A few weeks ago, the Insider praised Columbia County for its plans to develop a new state-of-the-art BMX and skatepark at Blanchard Woods Park in Evans.
The word on the street was that the construction bids had recently come back and the county was reviewing them with plans to possibly start construction early next year.
Well, not quite.
Apparently, the county received the bids and were so shocked by the amount estimated to construct the BMX track and skatepark that local leaders put the brakes on the project.
The budget for the park is $1 million. The bids were nearly double that amount.
It begs the question: Since when has skateboarding become such an elitist sport that it takes almost $2 million to build a decent facility?
Now, granted, the Blanchard Woods Park was also scheduled to include a BMX facility, but almost $2 million is a lot of dough.
Apparently, now, a committee will look at other alternatives with the hope of having a plan in place for Columbia County commissioners to vote on in the next few months.
But times are tough for skateboarders here in the CSRA.
Just a few weeks ago, the city of Aiken announced that the H. Odell Weeks Activities Center had permanently closed its skatepark due to low participation.
It has been almost five years since the city tore down Augusta’s former skatepark on Damascus Road.

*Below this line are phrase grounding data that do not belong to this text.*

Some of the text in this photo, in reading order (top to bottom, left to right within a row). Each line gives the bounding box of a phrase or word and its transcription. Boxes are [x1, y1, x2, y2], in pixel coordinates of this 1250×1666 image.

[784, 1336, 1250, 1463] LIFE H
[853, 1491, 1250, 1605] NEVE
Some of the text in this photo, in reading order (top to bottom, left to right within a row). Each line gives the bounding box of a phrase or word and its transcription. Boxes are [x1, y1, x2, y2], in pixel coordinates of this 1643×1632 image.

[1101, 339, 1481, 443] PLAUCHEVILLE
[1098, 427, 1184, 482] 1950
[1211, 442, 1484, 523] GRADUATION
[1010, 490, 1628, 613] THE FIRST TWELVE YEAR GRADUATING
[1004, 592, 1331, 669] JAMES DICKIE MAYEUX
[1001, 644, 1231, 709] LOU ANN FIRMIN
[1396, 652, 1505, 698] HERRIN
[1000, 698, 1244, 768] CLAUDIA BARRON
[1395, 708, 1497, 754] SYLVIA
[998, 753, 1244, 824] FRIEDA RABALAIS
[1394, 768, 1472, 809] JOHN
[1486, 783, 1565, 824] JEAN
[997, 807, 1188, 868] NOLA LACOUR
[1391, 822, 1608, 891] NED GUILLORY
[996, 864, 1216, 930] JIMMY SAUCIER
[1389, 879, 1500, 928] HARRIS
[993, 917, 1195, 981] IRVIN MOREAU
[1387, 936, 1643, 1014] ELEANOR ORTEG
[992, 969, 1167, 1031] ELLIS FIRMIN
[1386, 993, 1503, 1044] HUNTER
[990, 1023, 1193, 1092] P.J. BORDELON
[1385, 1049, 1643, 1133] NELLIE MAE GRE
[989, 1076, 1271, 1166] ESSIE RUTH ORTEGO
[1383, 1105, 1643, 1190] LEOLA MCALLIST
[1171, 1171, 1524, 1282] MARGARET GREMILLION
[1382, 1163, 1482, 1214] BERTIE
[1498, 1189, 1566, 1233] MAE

The skatepark, which was originally built by the city’s recreation department in 2001 with a $10,000 grant and some additional donations from the public, was plagued with problems from the very beginning.
It was constructed with wooden ramps on a plot of land with a downhill slope that made it difficult for skaters to control their momentum.

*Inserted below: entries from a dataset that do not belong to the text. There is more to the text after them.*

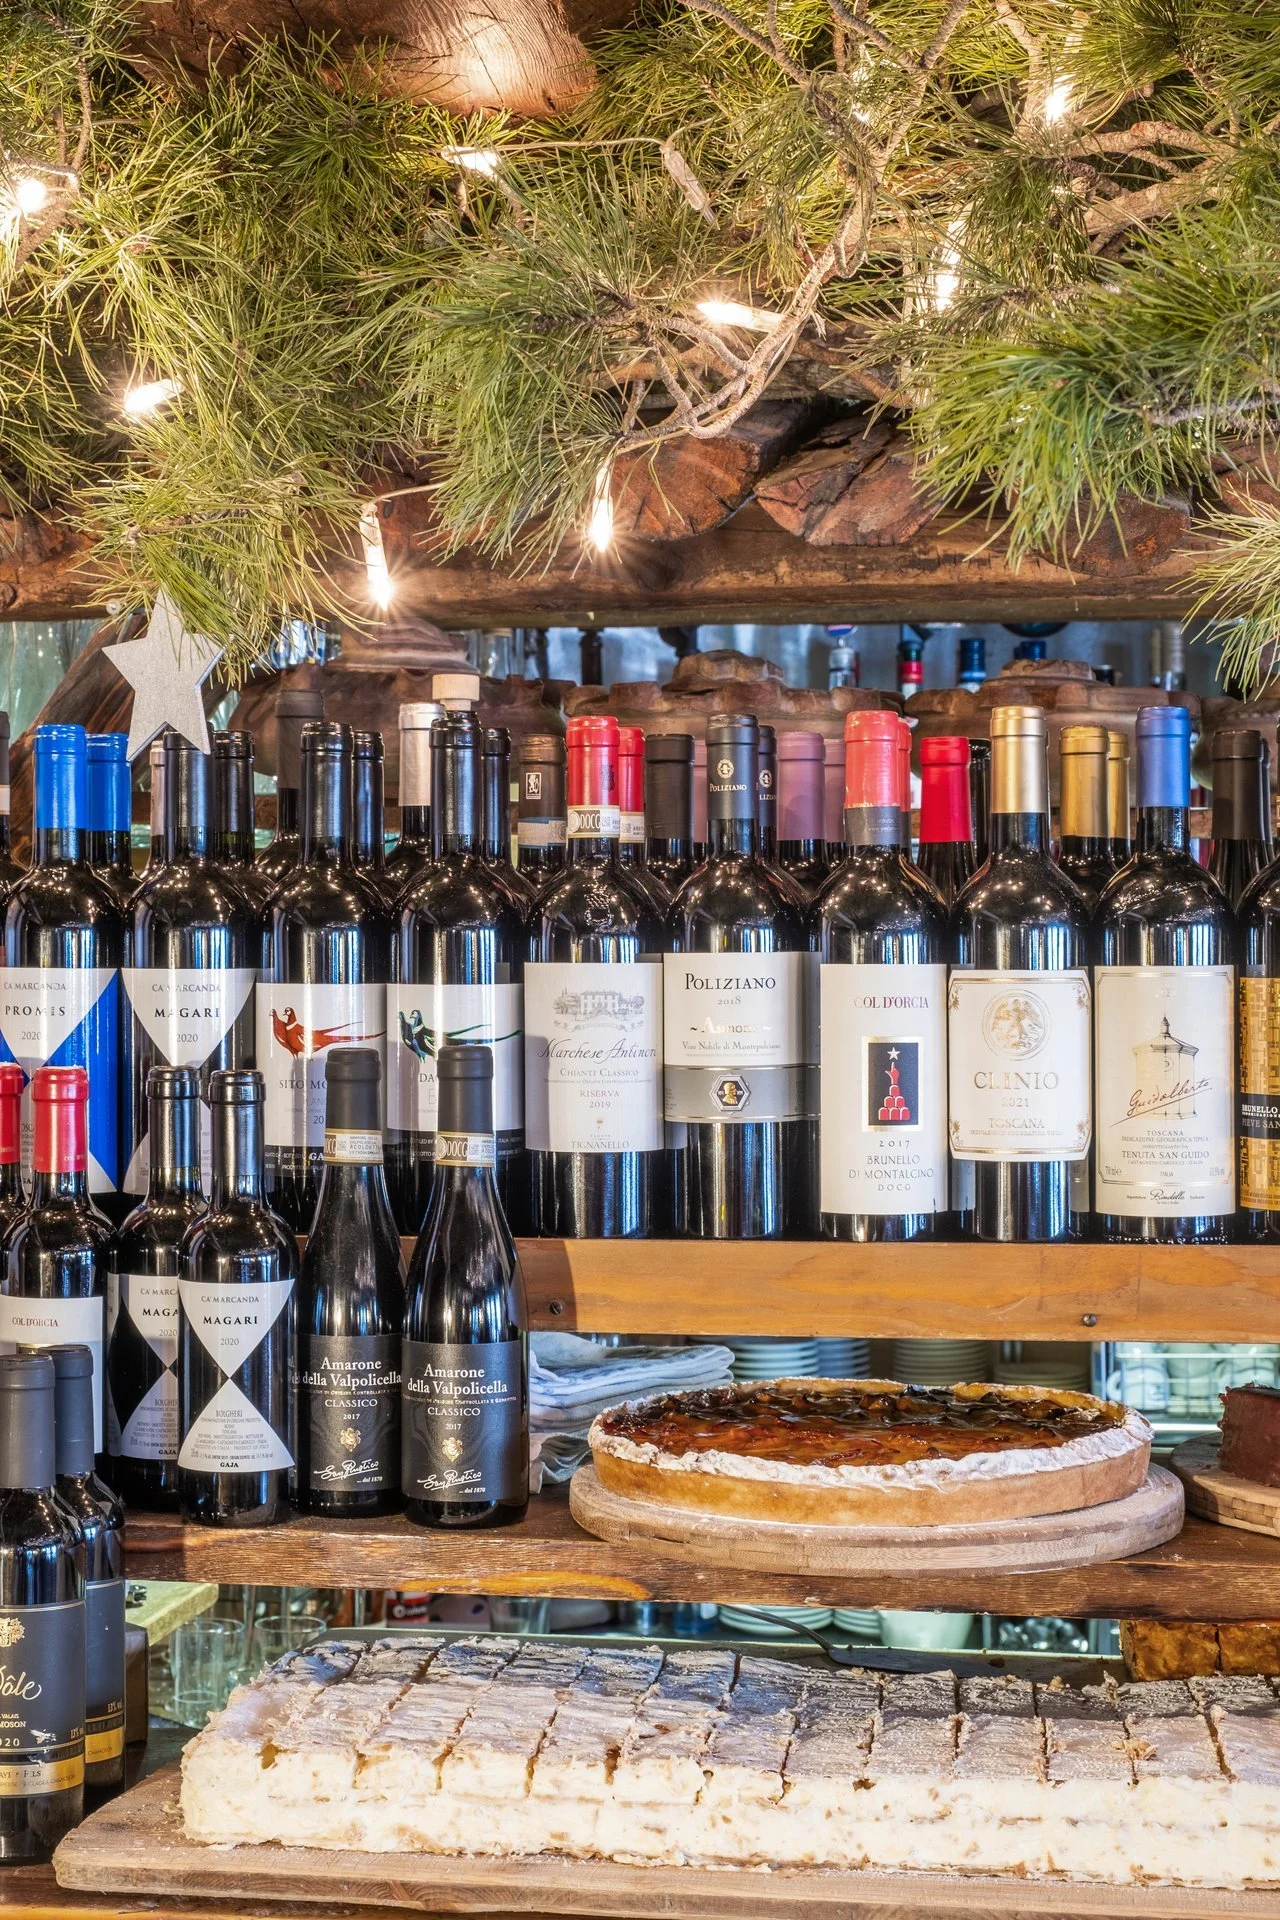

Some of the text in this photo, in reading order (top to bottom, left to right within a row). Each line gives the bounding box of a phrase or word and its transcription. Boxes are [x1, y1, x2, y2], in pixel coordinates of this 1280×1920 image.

[709, 783, 747, 792] POLIZIANO
[684, 973, 777, 991] POLIZIANO
[717, 996, 742, 1006] 2018
[853, 996, 929, 1009] COL D'ORCIA
[20, 1031, 41, 1041] 2020
[176, 1033, 199, 1043] 2020
[538, 1038, 658, 1065] Marchese Antinori
[682, 1041, 782, 1053] Vino Nobile di Montepulciano
[559, 1067, 639, 1077] CHIANTI CLASSICO
[279, 1079, 305, 1090] SITO
[973, 1071, 1060, 1090] CLINIO
[579, 1090, 620, 1098] RISERVA
[1127, 1077, 1211, 1117] Guidalberto
[588, 1101, 612, 1109] 2019
[1001, 1097, 1030, 1108] 2021
[1241, 1104, 1279, 1114] BRUNELLO
[988, 1118, 1045, 1129] TOSCANA
[570, 1140, 630, 1150] TIGNANELLO
[879, 1140, 910, 1149] 2017
[866, 1154, 921, 1165] BRUNELLO
[1121, 1150, 1210, 1159] TENUTA SAN GUIDO
[848, 1168, 934, 1180] DI MONTALCINO
[877, 1183, 912, 1192] DOCG
[140, 1288, 151, 1296] CA'
[200, 1295, 260, 1304] CA' MARCANDA
[12, 1317, 59, 1328] COL D'ORCIA
[202, 1315, 258, 1325] MAGARI
[159, 1329, 178, 1337] 2020
[219, 1337, 240, 1346] 2020
[320, 1356, 382, 1371] Amarone
[423, 1363, 486, 1378] Amarone
[302, 1371, 328, 1386] della
[329, 1371, 402, 1391] Valpolicella
[407, 1377, 431, 1394] della
[432, 1379, 508, 1399] Valpolicella
[324, 1398, 378, 1408] CLASSICO
[215, 1409, 243, 1418] BOLGHERI
[427, 1406, 481, 1417] CLASSICO
[343, 1413, 361, 1421] 2017
[445, 1423, 462, 1431] 2017
[23, 1769, 42, 1778] FLS

As the ramps began to deteriorate, the city brought in inexperienced inmate labor to make repairs.
Several years ago, City Administrator Fred Russell even discussed with local skaters the possibility of constructing a skatepark next to the existing BMX track near Lake Olmstead.

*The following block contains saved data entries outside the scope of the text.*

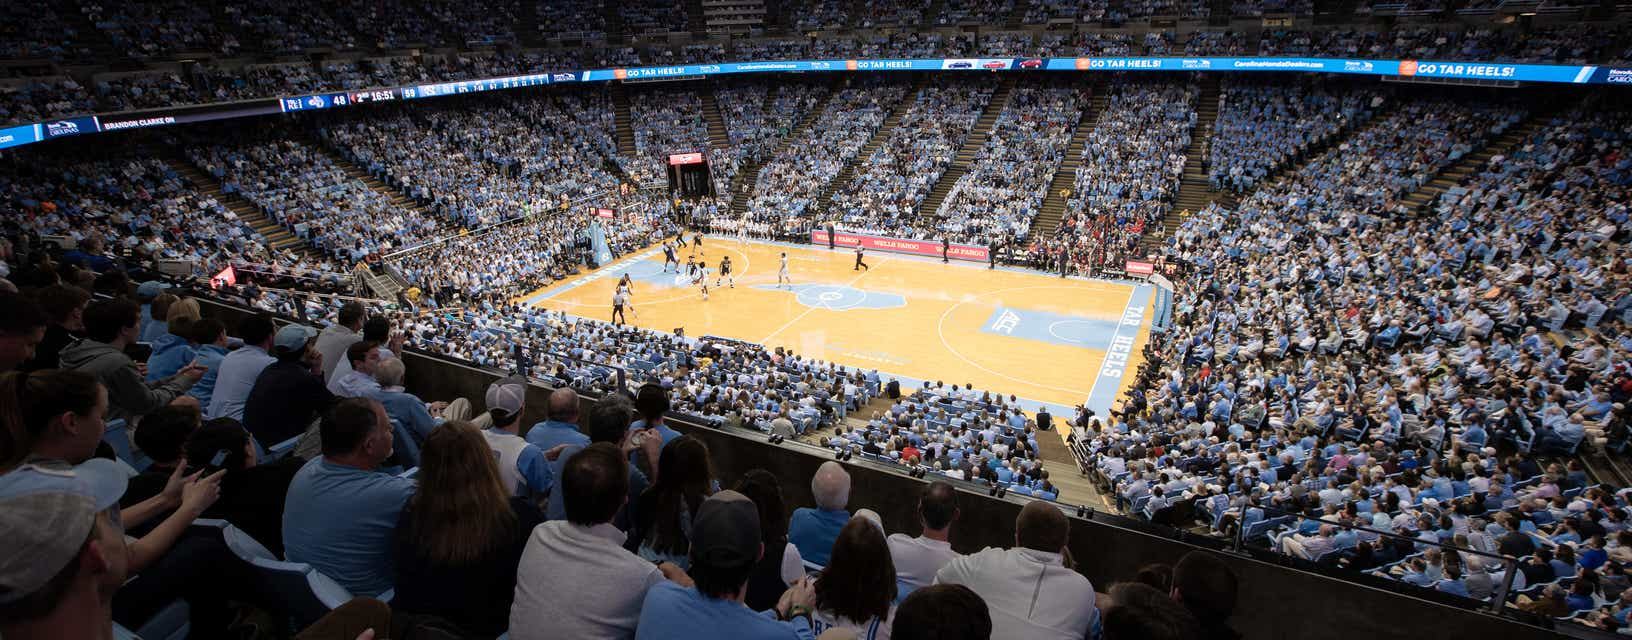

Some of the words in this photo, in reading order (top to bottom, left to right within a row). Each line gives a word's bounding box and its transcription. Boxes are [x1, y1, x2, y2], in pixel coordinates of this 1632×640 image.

[1127, 60, 1162, 68] HEELS!
[1234, 60, 1324, 68] CarolinaHondaDealers.com
[657, 67, 685, 75] HEELS!
[1417, 64, 1437, 73] GO
[1439, 64, 1463, 75] TAR
[1466, 65, 1515, 77] HEELS!
[371, 90, 394, 102] 16:51
[404, 89, 415, 98] 59
[333, 95, 346, 106] 48
[104, 119, 138, 130] BRANDON
[139, 117, 164, 127] CLARKE
[165, 116, 175, 124] ON
[874, 239, 896, 248] WELLS
[897, 241, 919, 250] FARGO
[960, 247, 985, 257] FARGO
[991, 308, 1021, 334] ACC
[1122, 305, 1145, 327] TAR
[1102, 335, 1134, 379] HEELS
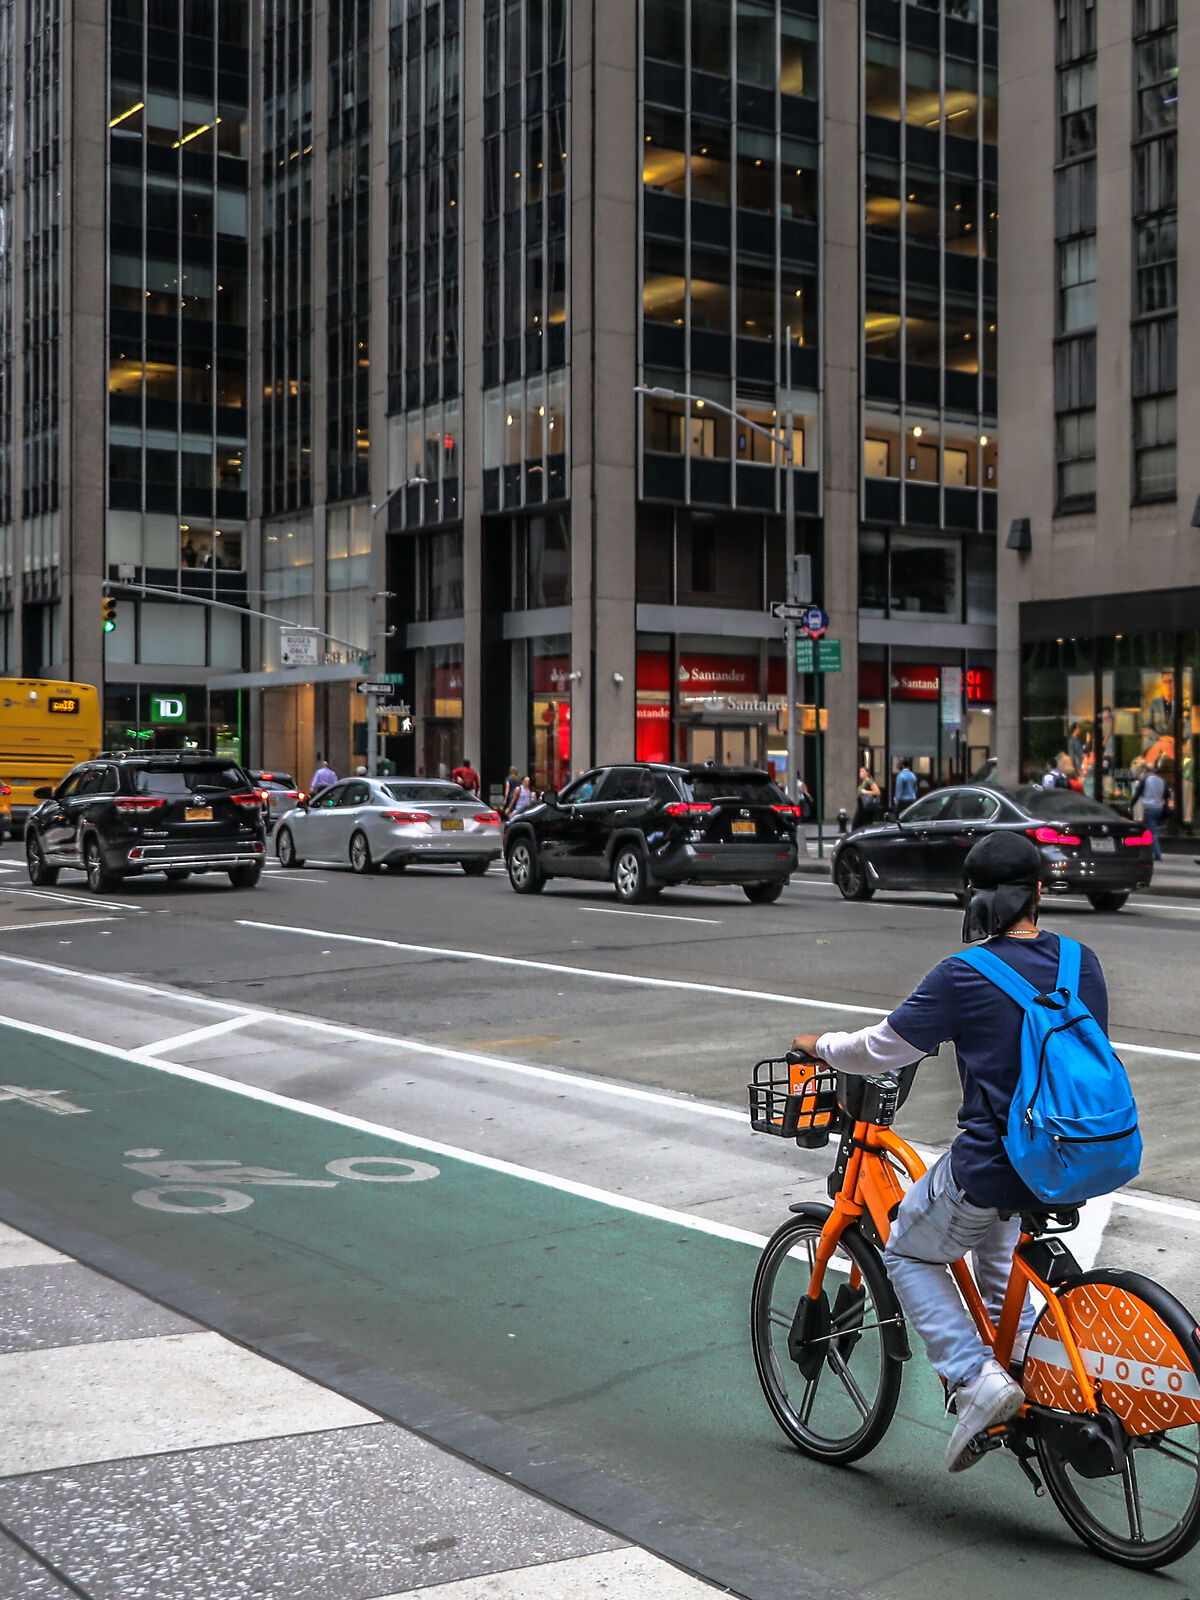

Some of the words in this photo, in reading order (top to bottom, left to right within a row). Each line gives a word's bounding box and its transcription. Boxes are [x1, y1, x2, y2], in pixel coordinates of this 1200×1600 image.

[691, 668, 745, 681] Santander
[900, 678, 939, 689] Santand
[154, 698, 184, 717] TD
[727, 696, 786, 711] Santand
[637, 708, 670, 718] ntande
[1094, 1356, 1183, 1392] JOCO

However, since many city leaders believe there was not much public participation in the former skatepark on Damascus Road, there was never any political support for addition funding for a new park from the Special Purpose Local Option Sales Tax (SPLOST).
The city’s recreation department would frequently request funding for a quality skatepark during its SPLOST proposals, but as soon the commissioners started cutting, the skatepark was the first thing to go.
Now that Aiken is shutting down its skatepark due to lack of participation, that can only hurt Augusta’s argument that the city needs one.
And the fact that Columbia County’s skatepark was so far off budget, many local leaders may start questioning whether such parks are worth the outrageous ticket price.
So, expect more skaters trying to practice their sport at shopping centers and on downtown streets because the future isn’t looking too promising for a public skatepark in the CSRA.